Estávamos a preparar O Resto do Mundo - teatro num táxi pela cidade e desafiámos o fotógrafo Paulo Pimenta e o realizador Pedro Maia a acompanharem-nos no processo e a desenvolverem um trabalho próprio sobre a zona oriental da cidade. O Pedro respondeu ao desafio com A Caminho do Resto do Mundo e o Paulo com Vou ao Porto. Com o Paulo fomos a todo o Porto e ao longo de um ano trabalhámos com oito famílias que habitam a zona oriental, com os assistentes sociais que nos ajudaram a dar corpo ao projecto, com os vizinhos que nos aturaram, com as famílias alargadas que nos receberam. Para além do Paulo Pimenta, autor do projecto, e de mim, que com ele o coordenei, estiveram envolvidos a Ana Vitorino, o Carlos Costa, o Pedro Carreira e o Nuno Casimiro.
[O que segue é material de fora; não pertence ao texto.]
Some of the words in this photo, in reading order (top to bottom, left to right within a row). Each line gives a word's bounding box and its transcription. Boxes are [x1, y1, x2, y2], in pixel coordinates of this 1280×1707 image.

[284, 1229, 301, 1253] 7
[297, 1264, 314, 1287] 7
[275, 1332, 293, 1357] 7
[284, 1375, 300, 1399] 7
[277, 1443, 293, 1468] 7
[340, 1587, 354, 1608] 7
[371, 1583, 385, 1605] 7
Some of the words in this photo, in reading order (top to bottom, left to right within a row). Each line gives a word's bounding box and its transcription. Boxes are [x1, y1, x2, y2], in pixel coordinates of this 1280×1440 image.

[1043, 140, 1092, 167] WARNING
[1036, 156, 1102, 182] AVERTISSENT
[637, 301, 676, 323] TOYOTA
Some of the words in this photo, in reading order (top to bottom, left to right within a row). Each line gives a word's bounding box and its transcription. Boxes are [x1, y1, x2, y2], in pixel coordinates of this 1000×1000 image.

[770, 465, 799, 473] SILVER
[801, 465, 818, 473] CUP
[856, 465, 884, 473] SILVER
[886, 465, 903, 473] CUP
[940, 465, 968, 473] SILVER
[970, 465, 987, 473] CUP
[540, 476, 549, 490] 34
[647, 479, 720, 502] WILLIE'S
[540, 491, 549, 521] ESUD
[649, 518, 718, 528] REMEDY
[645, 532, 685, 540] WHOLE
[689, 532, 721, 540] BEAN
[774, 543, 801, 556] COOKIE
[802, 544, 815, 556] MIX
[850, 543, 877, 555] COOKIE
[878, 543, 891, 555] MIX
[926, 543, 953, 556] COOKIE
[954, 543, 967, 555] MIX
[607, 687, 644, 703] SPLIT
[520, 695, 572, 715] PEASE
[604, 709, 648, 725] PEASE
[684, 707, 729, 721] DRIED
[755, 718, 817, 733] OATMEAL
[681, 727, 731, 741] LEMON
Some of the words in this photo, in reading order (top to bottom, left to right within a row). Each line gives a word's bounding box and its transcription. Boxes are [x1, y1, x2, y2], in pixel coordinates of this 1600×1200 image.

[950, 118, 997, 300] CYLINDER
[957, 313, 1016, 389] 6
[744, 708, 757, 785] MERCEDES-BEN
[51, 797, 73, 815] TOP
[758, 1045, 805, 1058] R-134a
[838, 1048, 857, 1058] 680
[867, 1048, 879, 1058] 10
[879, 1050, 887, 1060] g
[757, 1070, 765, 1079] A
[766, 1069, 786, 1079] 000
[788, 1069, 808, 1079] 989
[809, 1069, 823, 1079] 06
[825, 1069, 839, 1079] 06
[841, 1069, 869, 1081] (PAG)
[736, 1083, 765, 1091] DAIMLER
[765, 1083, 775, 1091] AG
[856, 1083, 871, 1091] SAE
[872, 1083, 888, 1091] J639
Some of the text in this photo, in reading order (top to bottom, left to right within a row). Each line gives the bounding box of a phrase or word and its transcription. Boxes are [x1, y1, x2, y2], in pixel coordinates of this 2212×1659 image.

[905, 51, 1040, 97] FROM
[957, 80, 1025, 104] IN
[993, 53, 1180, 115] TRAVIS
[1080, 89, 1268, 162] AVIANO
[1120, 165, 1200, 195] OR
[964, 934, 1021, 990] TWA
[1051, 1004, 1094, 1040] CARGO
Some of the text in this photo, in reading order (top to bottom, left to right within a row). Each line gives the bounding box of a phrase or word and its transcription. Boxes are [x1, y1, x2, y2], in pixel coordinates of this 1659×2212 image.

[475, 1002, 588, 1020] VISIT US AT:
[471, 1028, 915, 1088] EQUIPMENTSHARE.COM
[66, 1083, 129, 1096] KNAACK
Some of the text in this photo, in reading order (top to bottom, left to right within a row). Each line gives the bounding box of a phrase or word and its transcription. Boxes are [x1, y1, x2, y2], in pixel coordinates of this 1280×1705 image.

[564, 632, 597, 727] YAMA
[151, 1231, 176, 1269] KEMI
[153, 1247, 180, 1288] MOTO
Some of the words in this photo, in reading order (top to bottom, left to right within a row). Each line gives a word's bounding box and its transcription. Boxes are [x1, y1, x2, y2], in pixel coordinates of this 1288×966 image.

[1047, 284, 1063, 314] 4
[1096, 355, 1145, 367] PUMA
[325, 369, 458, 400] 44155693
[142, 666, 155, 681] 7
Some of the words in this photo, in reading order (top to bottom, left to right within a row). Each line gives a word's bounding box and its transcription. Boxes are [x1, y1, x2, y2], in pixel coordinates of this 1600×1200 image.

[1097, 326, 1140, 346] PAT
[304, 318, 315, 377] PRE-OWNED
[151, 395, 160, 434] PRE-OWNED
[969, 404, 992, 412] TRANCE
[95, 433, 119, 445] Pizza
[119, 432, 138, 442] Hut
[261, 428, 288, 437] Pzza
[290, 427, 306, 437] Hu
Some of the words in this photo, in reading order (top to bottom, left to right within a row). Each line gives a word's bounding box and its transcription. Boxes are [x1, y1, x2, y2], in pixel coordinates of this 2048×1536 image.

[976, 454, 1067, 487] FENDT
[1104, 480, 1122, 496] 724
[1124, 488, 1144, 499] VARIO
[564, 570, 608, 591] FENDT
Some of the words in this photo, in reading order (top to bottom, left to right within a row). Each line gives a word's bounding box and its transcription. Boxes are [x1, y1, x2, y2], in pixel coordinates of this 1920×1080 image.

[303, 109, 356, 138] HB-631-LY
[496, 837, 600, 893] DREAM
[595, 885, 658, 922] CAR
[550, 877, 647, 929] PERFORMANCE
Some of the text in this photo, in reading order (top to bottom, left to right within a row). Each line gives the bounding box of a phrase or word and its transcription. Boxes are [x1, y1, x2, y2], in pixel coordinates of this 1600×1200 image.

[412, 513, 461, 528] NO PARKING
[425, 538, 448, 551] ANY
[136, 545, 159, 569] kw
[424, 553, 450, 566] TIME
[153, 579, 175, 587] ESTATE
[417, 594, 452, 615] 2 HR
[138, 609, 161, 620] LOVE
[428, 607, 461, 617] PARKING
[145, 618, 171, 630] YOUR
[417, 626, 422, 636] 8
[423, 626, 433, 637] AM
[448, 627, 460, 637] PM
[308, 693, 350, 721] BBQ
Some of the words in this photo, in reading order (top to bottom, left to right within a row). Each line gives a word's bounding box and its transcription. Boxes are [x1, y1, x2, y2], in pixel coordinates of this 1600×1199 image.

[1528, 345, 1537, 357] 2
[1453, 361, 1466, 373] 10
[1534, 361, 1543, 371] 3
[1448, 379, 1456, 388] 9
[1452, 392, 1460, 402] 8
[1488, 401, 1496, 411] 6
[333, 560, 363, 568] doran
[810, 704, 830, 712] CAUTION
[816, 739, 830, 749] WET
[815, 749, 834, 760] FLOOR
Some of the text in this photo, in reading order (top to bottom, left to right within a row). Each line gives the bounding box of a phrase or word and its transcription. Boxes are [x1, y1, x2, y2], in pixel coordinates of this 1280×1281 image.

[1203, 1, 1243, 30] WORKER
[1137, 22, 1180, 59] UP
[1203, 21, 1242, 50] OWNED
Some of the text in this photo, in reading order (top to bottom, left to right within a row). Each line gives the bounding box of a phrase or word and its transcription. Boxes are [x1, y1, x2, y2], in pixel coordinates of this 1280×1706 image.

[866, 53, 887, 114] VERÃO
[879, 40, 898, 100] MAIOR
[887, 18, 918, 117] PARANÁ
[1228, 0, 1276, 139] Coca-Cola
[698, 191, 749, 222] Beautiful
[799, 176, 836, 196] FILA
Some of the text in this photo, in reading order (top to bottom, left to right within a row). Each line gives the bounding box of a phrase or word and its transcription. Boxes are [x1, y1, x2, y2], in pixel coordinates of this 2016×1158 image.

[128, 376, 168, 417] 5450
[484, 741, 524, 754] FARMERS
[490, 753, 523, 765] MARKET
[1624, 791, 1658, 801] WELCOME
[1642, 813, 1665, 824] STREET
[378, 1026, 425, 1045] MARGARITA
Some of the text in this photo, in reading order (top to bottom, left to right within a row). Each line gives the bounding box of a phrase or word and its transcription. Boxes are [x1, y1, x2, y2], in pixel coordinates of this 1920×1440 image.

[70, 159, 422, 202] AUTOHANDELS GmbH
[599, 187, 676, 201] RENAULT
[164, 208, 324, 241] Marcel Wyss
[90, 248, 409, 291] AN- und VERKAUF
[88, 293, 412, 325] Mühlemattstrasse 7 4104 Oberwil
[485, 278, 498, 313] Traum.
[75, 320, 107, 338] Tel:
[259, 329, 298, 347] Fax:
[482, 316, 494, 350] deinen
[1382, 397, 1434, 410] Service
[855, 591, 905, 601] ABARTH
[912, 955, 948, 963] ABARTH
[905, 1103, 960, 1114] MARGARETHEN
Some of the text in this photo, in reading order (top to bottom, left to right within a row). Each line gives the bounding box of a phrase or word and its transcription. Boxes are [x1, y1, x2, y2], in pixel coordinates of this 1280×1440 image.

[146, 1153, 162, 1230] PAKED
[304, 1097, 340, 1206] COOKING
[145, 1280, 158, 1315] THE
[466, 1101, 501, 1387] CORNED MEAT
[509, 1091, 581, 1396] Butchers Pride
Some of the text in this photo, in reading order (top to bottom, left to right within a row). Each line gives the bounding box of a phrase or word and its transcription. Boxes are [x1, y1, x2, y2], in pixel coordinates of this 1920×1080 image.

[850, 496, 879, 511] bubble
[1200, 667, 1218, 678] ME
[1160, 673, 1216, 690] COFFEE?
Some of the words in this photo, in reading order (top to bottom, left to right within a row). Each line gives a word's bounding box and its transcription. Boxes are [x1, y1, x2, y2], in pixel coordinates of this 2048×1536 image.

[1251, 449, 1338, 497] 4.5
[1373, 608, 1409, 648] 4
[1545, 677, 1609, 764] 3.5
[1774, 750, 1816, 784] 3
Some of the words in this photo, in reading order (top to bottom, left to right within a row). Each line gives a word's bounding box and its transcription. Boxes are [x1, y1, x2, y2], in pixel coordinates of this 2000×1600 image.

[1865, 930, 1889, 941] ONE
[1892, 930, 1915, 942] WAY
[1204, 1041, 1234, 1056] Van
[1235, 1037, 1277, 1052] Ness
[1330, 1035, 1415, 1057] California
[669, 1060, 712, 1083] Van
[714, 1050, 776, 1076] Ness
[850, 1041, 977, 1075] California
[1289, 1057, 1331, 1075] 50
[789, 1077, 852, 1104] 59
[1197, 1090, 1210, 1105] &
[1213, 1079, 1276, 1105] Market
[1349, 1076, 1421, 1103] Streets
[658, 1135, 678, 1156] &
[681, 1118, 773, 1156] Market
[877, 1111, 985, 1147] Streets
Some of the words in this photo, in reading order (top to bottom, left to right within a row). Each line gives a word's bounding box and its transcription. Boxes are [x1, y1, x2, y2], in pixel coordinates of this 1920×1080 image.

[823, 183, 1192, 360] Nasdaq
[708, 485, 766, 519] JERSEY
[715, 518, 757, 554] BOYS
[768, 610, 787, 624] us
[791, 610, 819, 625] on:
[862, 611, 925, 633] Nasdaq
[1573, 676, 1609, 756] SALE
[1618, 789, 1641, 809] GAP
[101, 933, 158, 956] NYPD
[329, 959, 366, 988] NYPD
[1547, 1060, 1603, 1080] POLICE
Já o disse antes: este projecto foi uma das viagens criativas que mais me marcou nos últimos tempos. Vê-lo reduzido a mera ilustração de artigo foi um soco no estômago. Tenho a certeza de que ao Paulo ainda custou mais. E, autorias e emoções à parte, a verdade é que o artigo, assim, simplesmente não tem sentido. São dois perfis sem qualquer contextualização ilustrados por retratos (!) do fotojornalista Paulo Pimenta. Sim, o mesmo que nos mostra sempre o movimento da história e do olhar. Até as imagens (belíssimas, fortes), confundidas com fotojornalismo, uma vez que se lhes retirou o contexto - o projecto artístico que as sustenta -, aparecem quase como um erro de linguagem. Uma crueldade.

os muros matam as cidades

Era mais ou menos isto que dizíamos na Orla do Bosque. E acabo de ler no Público "Viver num condomínio privado muda os comportamentos políticos?"

07 agosto 2008

O direito à criação

A propósito deste artigo do Público, que cita o João Teixeira Lopes, atrevo-me a acrescentar que um dos grandes problemas do Porto neste momento é o não reconhecimento por parte do poder político e económico do direito à criação.
A quase inexistente "ligação entre esta cultura emergente e a cultura institucional" tem como consequência a falta de meios de produção, e de sobrevivência, para quem quer criar hoje no Porto. A cultura institucional ocupa-se de mostrar no Porto o que se fez ou o que se faz no resto do mundo - o que é bom mas insuficiente. No Porto o direito à fruição está garantido. O direito à criação não. Cada vez menos.
Uma cidade que não (se) cria, morre. Por muito in que possa parecer de vez em quando.

05 agosto 2008

A Câmara do Porto e as artes do espectáculo

Há coisas que não fazem férias. Como os ódios de estimação. Via Baixa do Porto li o programa de cultura da Câmara Municipal do Porto para Agosto. Não há surpresas: salas de espectáculo e criadores da cidade não entram.